21 de octubre 2005 - 00:00

"Prometen lo que no hicieron en años"

Cristina de Kirchner ensayó un saludo «evitista» al presentarseen el escenario de La Matanza donde el oficialismocerró anoche su campaña. Estuvo junto a Rafael Bielsa (candidatoa diputado en Capital) y su esposo Néstor, pero ésteno quiso ocupar el micrófono.
Cristina de Kirchner ensayó un saludo «evitista» al presentarse en el escenario de La Matanza donde el oficialismo cerró anoche su campaña. Estuvo junto a Rafael Bielsa (candidato a diputado en Capital) y su esposo Néstor, pero éste no quiso ocupar el micrófono.
Cristina Fernández de Kirchner, de pantalón y casaca blancos, mientras su esposo Néstor Kirchner y el gobernador bonaerense Felipe Solá la miraban sentados en una mesa, criticó anoche ácidamente «a aquellos dirigentes que devastaron la provincia» y que «ahora dicen que van a hacer lo que no hicieron durante años». Sin mencionarlo, aludía a Eduardo Duhalde y también a su mujer, Hilda Beatriz Chiche Duhalde, que cerraba su campaña en la vecina Guernica.

Unas 20.000 personas (60.000 según los organizadores) se dieron cita para escuchar a la candidata Cristina Fernández y saludar a Néstor Kirchner, en la explanada de entrada del Mercado Central de La Matanza, el distrito convertido en capital del peronismo desde el retorno de la democracia.


Los manifestantes fueron ingresando en columnas identificadas con sindicatos (UOM, SMATA, UOCRA, Fraternidad) o con dirigentes de distintas localidades del conurbano bonaerense.

También hubo presencia del nuevo conglomerado social que suele predominar en las citas en la vía pública desde fines de los '90. Cerca de un cuarto de la concurrencia pertenecía al movimiento piquetero Barrios de Pie, que dirige el matancero Luis D'Elía. Se lucieron grandes banderas impropias del PJ bonaerense, como las de la Federación Juvenil Comunista, Patria Libre, la Federación de Tierra y Vivienda, o el Frente por la Transversalidad de la Central de Trabajadores Argentinos (CTA).

La candidata castigó a «los que agravian porque no tienen propuestas ni ideas, los que han devastado la provincia, los que dicen que van a hacer las cosas que no hicieron durante años, de esos no quiero hablar, quiero que hablen las urnas cuando decidan dar una vuelta de página y construir otro país», disparó.

Antes había hablado el anfitrión, el dueño de casa, el intendente y candidato a diputado nacional Alberto Balestrini.
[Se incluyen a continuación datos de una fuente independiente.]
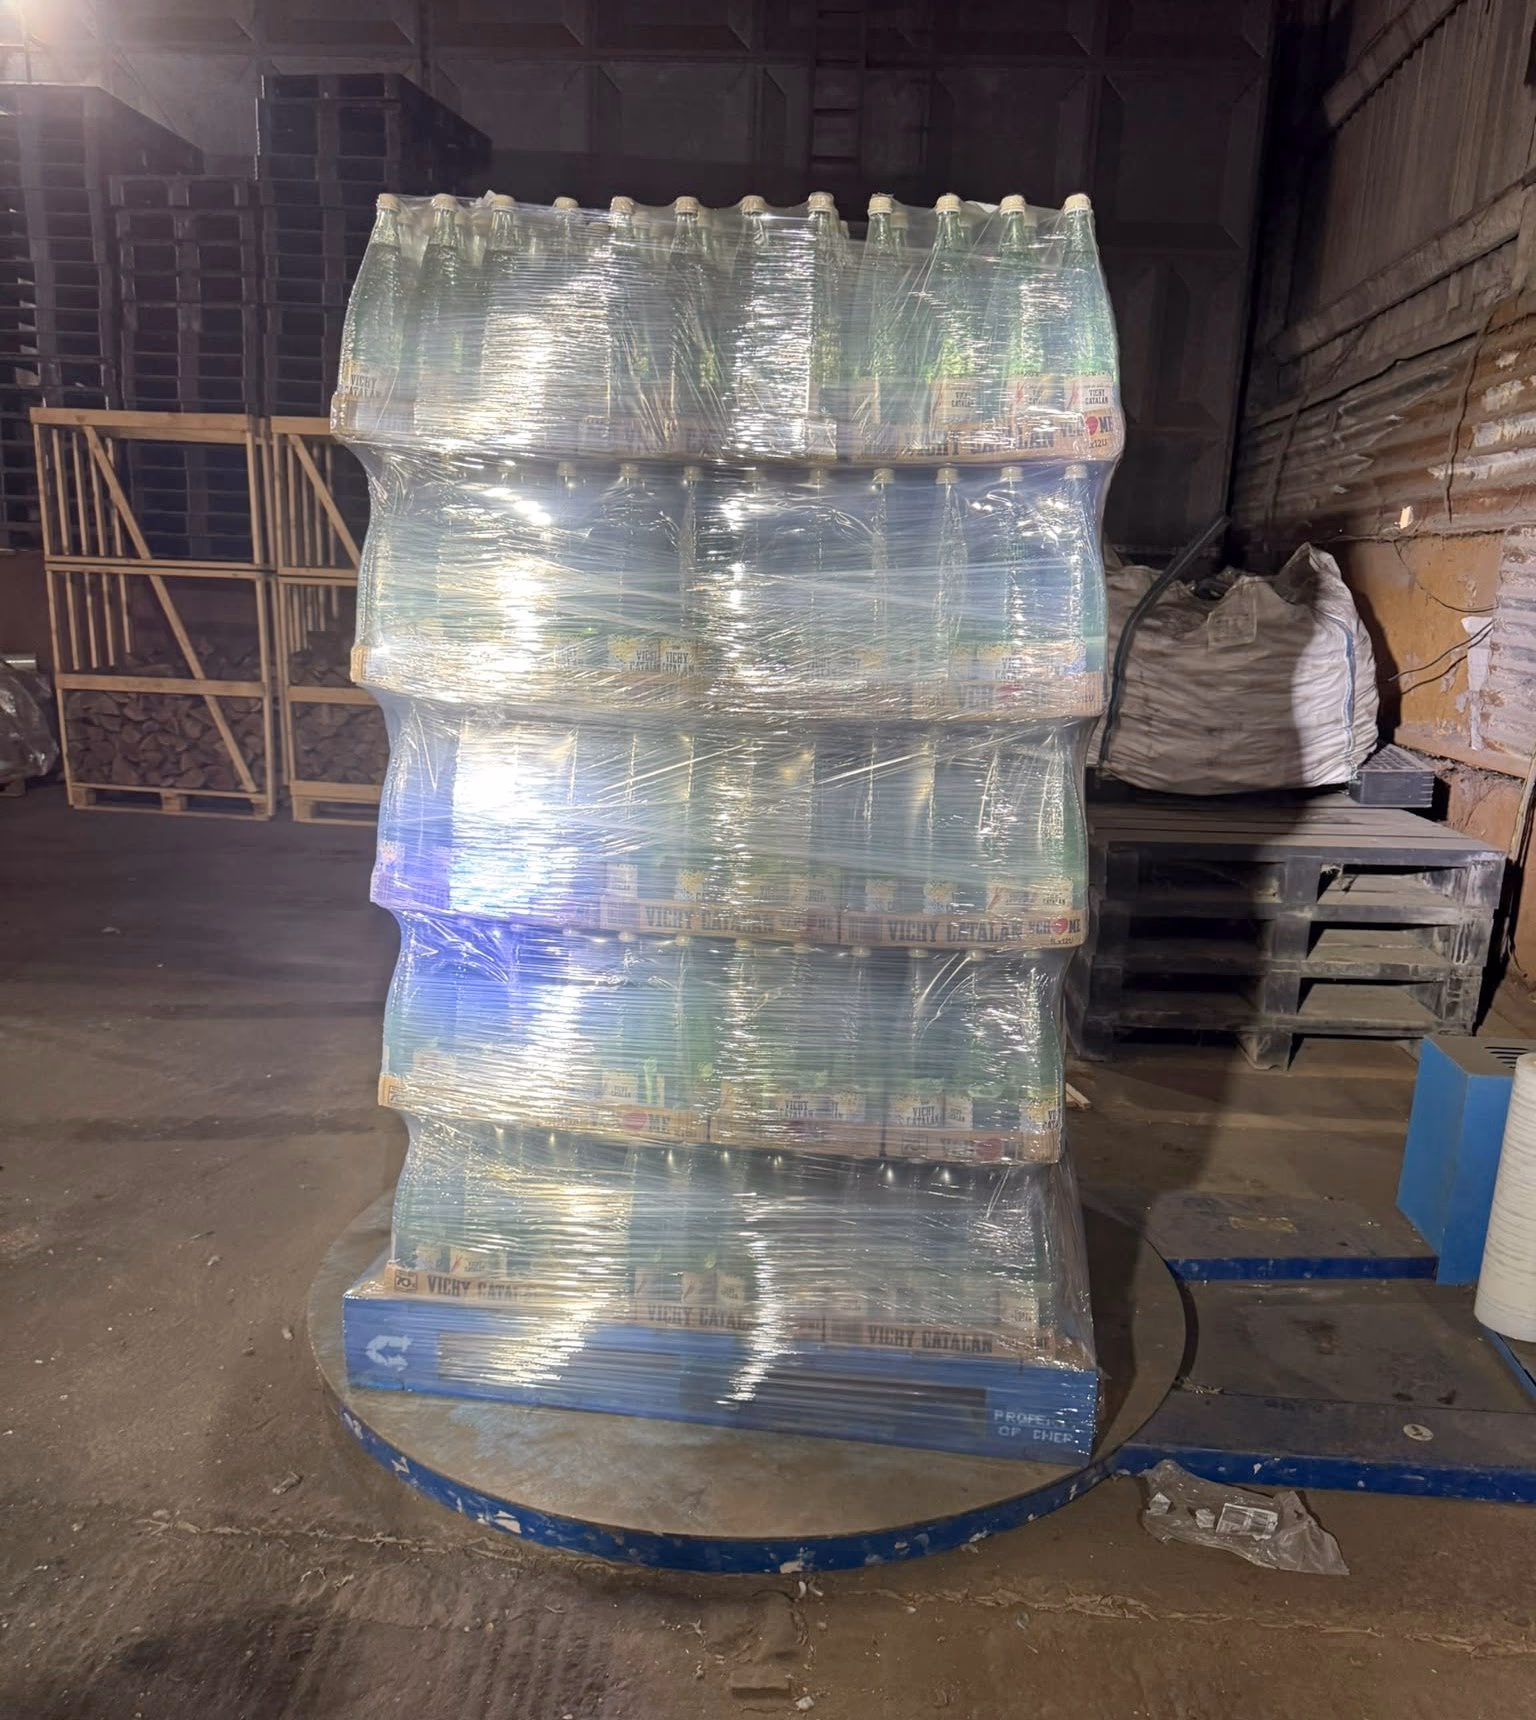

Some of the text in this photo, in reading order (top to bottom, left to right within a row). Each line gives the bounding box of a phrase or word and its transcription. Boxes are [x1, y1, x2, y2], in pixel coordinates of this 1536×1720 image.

[887, 919, 939, 942] VICHY
[428, 1274, 471, 1297] VICHY
[869, 1325, 915, 1347] VICHY
El mismo a quien el duhaldismo le negó su reelección como diputado nacional en el '91, y en cambio lo hicieron senador provincial por la Tercera Sección Electoral. «A mí no me compraron», se justificó Balestrini ante su gente, el peronismo más rancio del Gran Buenos Aires, en un distrito donde nunca perdió el PJ. Y donde existen sobradas dudas acerca de cómo votarán los peronistas del segundo cordón, los que viven más allá del Camino de Cintura. No evitó Balestrini aludir sin mencionarlos a los aportes hechos por el gobierno nacional en obras para La Matanza. Y que él mismo reconoció cuando dijo, anoche, que «nunca se hicieron tantas viviendas en La Matanza como en estos dos últimos años. Adjudicó esa bonanza a «la nueva política» encarnada por el matrimonio Kirchner y su aterrizaje en la provincia, y a su apoyo desde «mis convicciones».

La candidata a senadora nacional bonaerense por el Frente para la Victoria, Cristina Fernández, habló más para las cámaras de televisión que para esa multitud que aguardaba su presencia y la del Presidente desde las 4 de la tarde. Fue cuando aseguró que «el índice de desocupación bajó en el mes de setiembre a 10,3 por ciento», lo que resaltó es el «más bajo de los últimos 15 años».

Cristina Kirchner dijo que su marido le había comunicado minutos antes del inicio del acto, mientras viajaban hacia el Mercado Central, «que de 11,3 del último trimestre; en el mes de setiembre hemos llegado a 10,3» de desocupación, con lo que «estamos a cuatro centésimos de bajarla a un dígito».